The problem
With the pictures removed, set down all of the entries below exactly.
>>>>
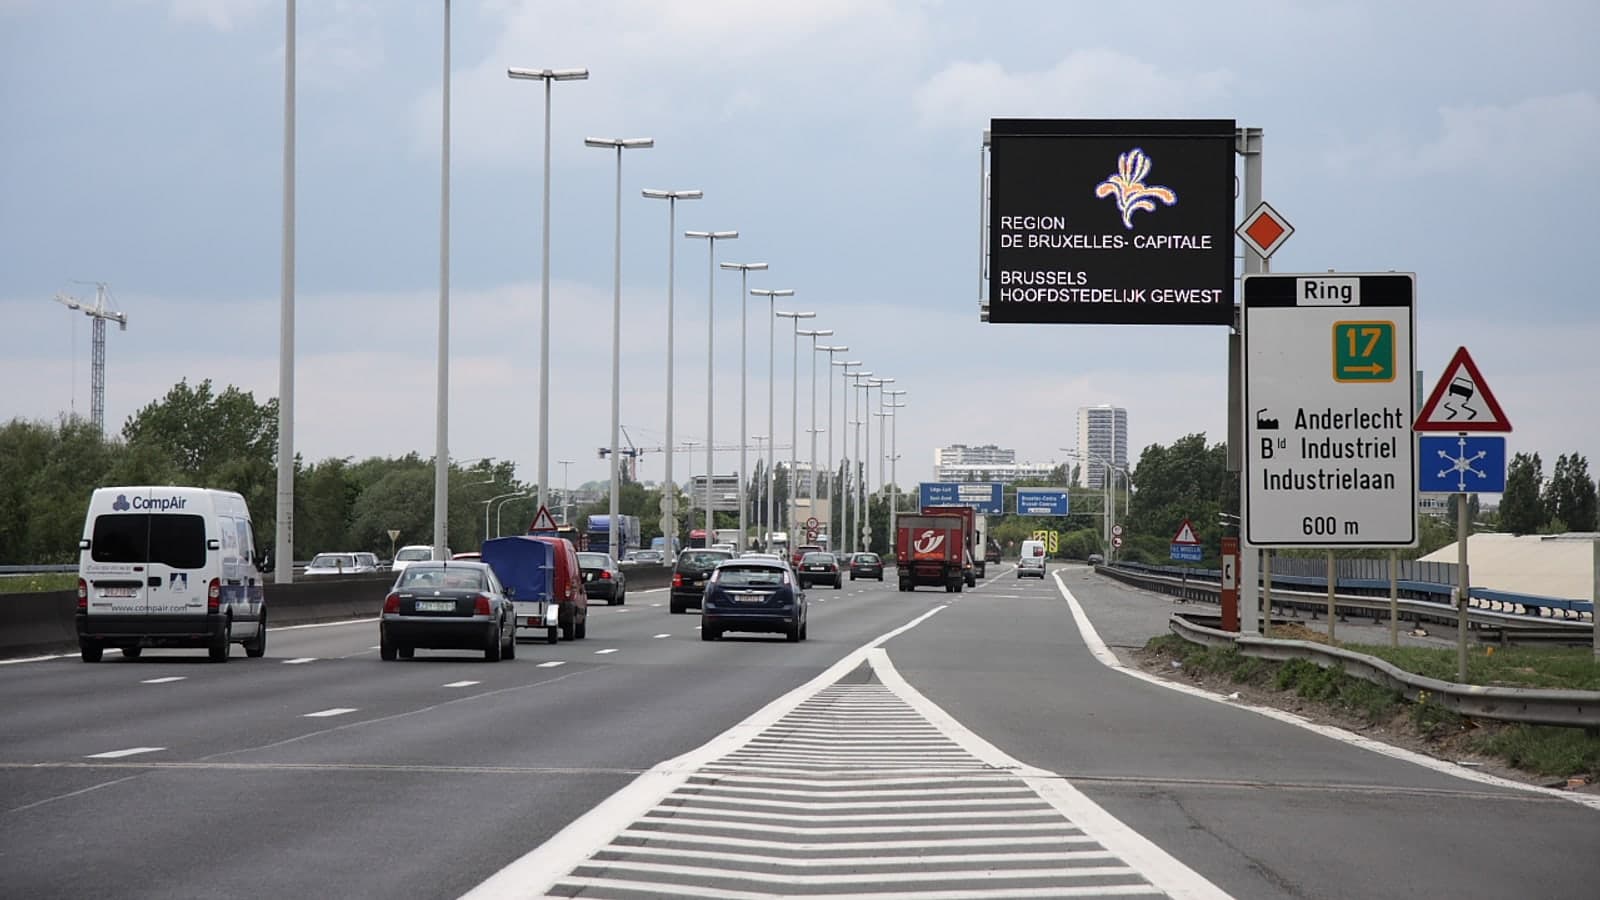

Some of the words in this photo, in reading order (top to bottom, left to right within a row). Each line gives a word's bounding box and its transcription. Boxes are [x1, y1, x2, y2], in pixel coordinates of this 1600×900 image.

[1000, 215, 1065, 231] REGION
[1000, 235, 1023, 249] DE
[1028, 235, 1129, 249] BRUXELLES-
[1133, 235, 1213, 250] CAPITALE
[1000, 271, 1088, 286] BRUSSELS
[1000, 288, 1146, 304] HOOFDSTEDELIJK
[1150, 289, 1223, 304] GEWEST
[1304, 280, 1353, 304] Ring
[1346, 327, 1382, 357] 17
[1294, 407, 1404, 430] Anderlecht
[1301, 436, 1397, 459] Industriel
[1263, 468, 1395, 490] Industrielaan
[132, 495, 187, 512] CompAir
[1302, 516, 1336, 535] 600
[1344, 522, 1359, 535] m
[111, 604, 188, 615] www.compair.com
<<<<
Response below
Some of the words in this photo, in reading order (top to bottom, left to right within a row). Each line gives a word's bounding box and its transcription. Boxes are [x1, y1, x2, y2], in pixel coordinates of this 1600×900 image.

[1000, 215, 1065, 231] REGION
[1000, 235, 1023, 249] DE
[1028, 235, 1129, 249] BRUXELLES-
[1133, 235, 1213, 250] CAPITALE
[1000, 271, 1088, 286] BRUSSELS
[1000, 288, 1146, 304] HOOFDSTEDELIJK
[1150, 289, 1223, 304] GEWEST
[1304, 280, 1353, 304] Ring
[1346, 327, 1382, 357] 17
[1294, 407, 1404, 430] Anderlecht
[1301, 436, 1397, 459] Industriel
[1263, 468, 1395, 490] Industrielaan
[132, 495, 187, 512] CompAir
[1302, 516, 1336, 535] 600
[1344, 522, 1359, 535] m
[111, 604, 188, 615] www.compair.com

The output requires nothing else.